Written by Lee Feinstein, Dean of the Indiana University School of Global and International Studies and former US Ambassador to Poland, and Tod Lindberg, Research Fellow at Stanford University’s Hoover Institution, the report argues that successful atrocity prevention “requires coordinated and sustained efforts by local, regional, and international actors.” Through detailed interviews with senior European and Northern American policymakers, NGO officials and members of the think-tank and academic communities, Feinstein and Lindberg examined the capabilities and gaps of key international actors in preventing and responding to mass killings.

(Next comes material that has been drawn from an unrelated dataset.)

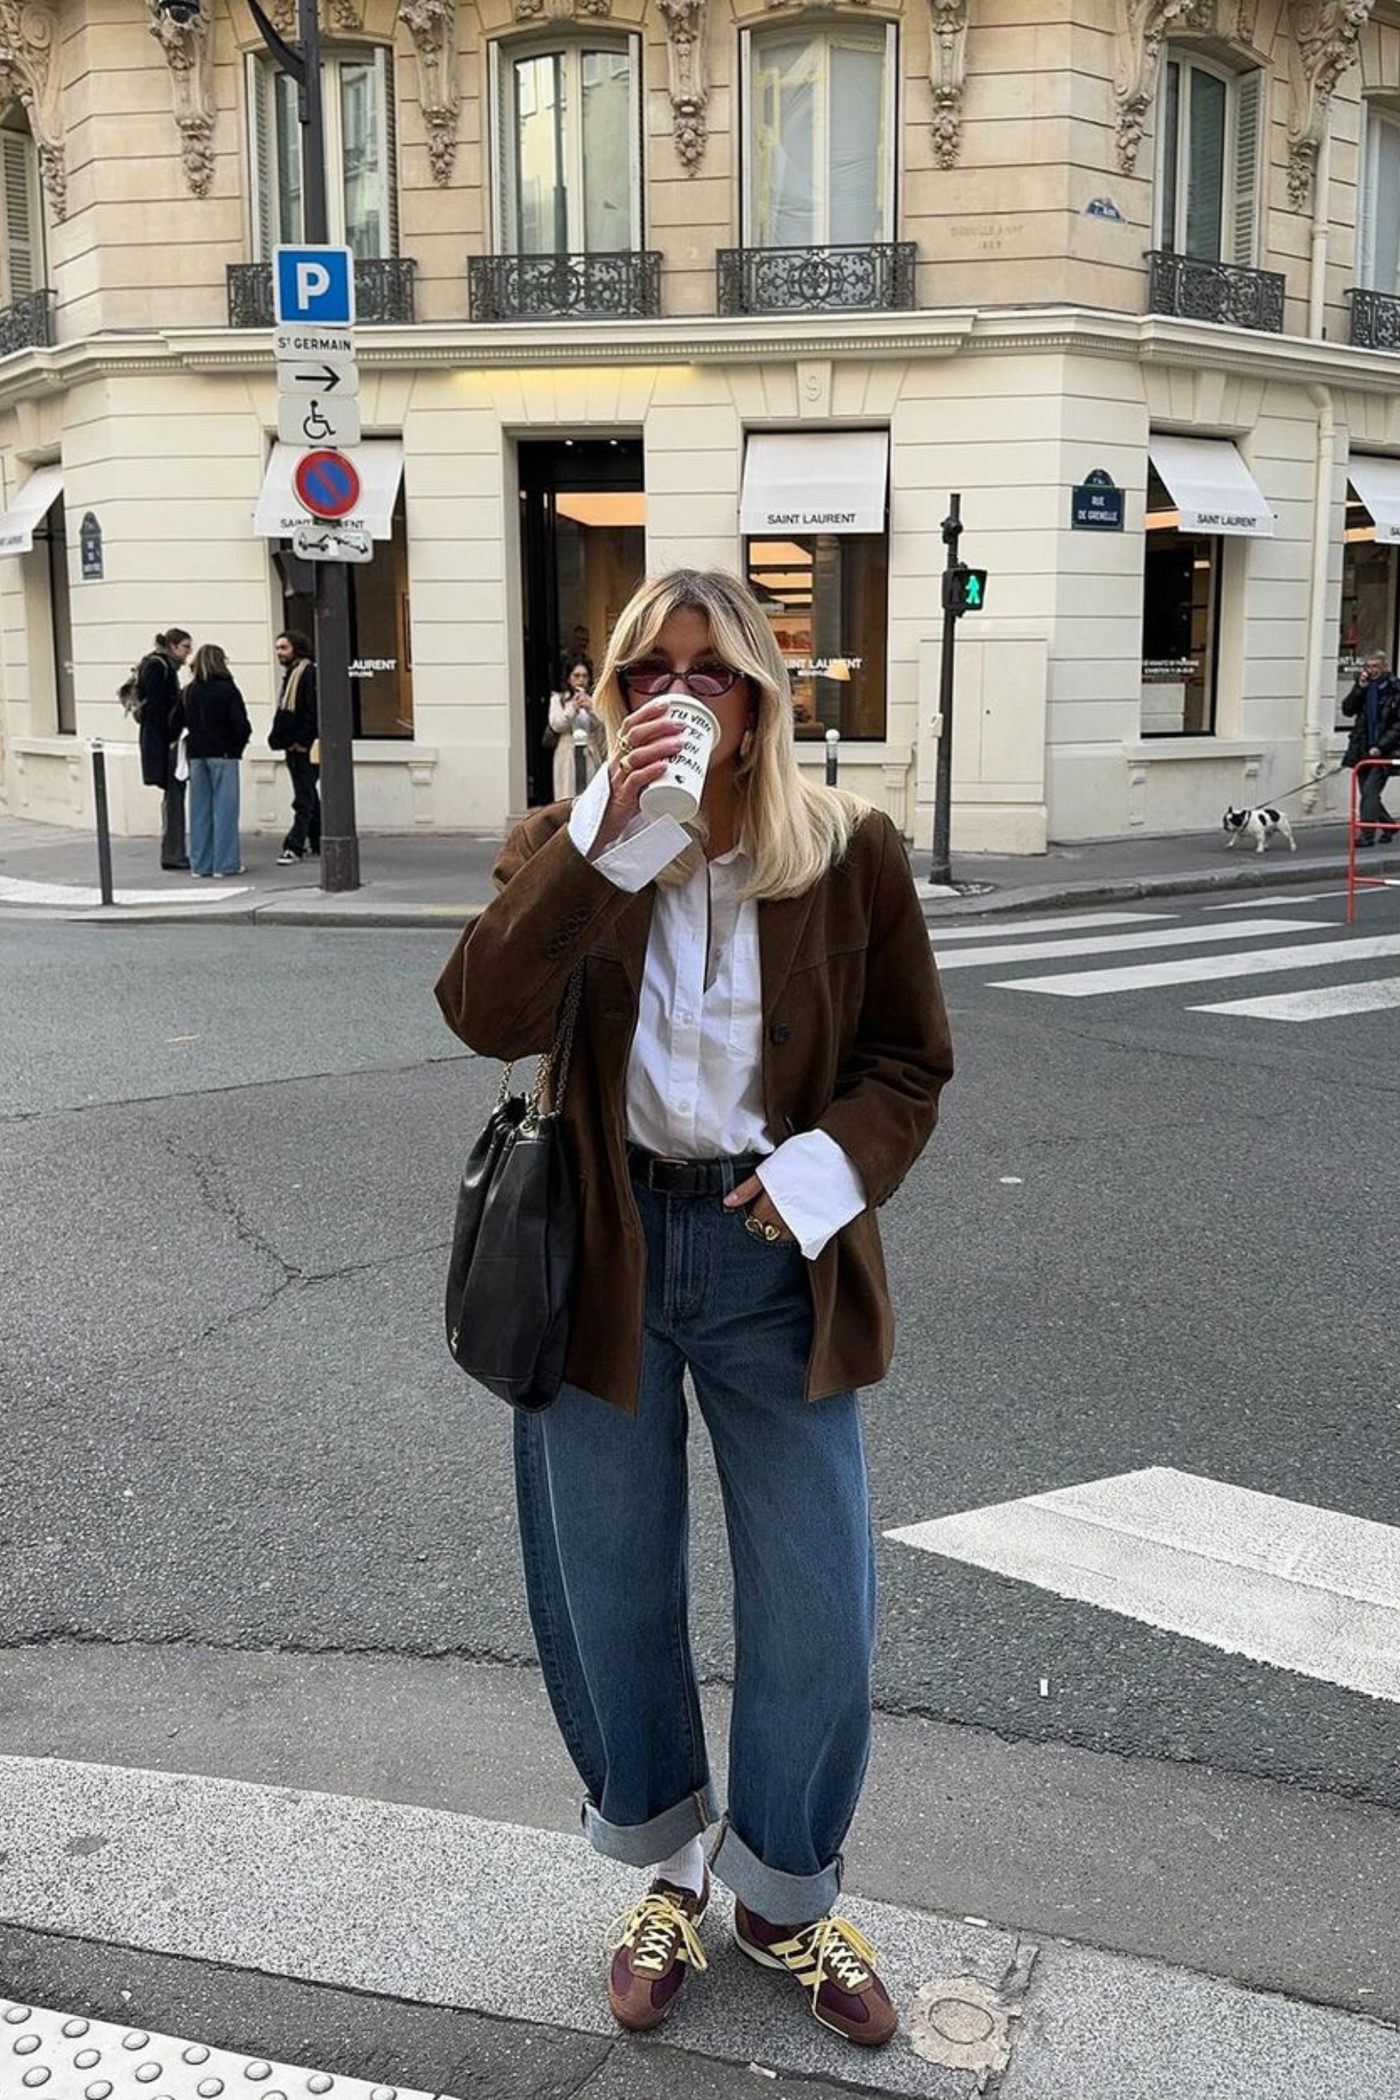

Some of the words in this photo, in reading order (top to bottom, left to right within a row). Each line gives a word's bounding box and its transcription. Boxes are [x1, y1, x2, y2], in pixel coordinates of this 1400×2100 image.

In the report, they provide a number of recommendations to strengthen cooperation:
Recommendations for the US Government
- Build legitimacy for atrocity prevention
- Work first with like-minded and capable partners
- Be prepared to act to halt atrocities if necessary
- Support and assist UN peacekeeping
- Maintain the interagency process for assessing and working to reduce atrocity risks
- Take the lead on internationalizing atrocity prevention
- Join atrocity prevention with other strategic considerations in the rationale for fighting and defeating ISIS and stabilizing a post-Assad Syria
Recommendations for the US and Broader Transatlantic Community
- Devise & implement coordinated Transatlantic atrocity prevention efforts
- Reassess participation in peacekeeping
- Limit the use of the veto at the UN Security Council
- Broaden the concept of civilian protection
- Improve international contact and coordination
- Improve field-level coordination
- Impose coordinated financial sanctions on perpetrators and enablers of atrocities
- Reassess international law and norms on intervention to halt atrocities
- Parliamentarians must do more
- Emphasize prevention in treaty law
At a time of unprecedented humanitarian displacement and political transitions in the US and many European states, there is an urgent need to implement their findings.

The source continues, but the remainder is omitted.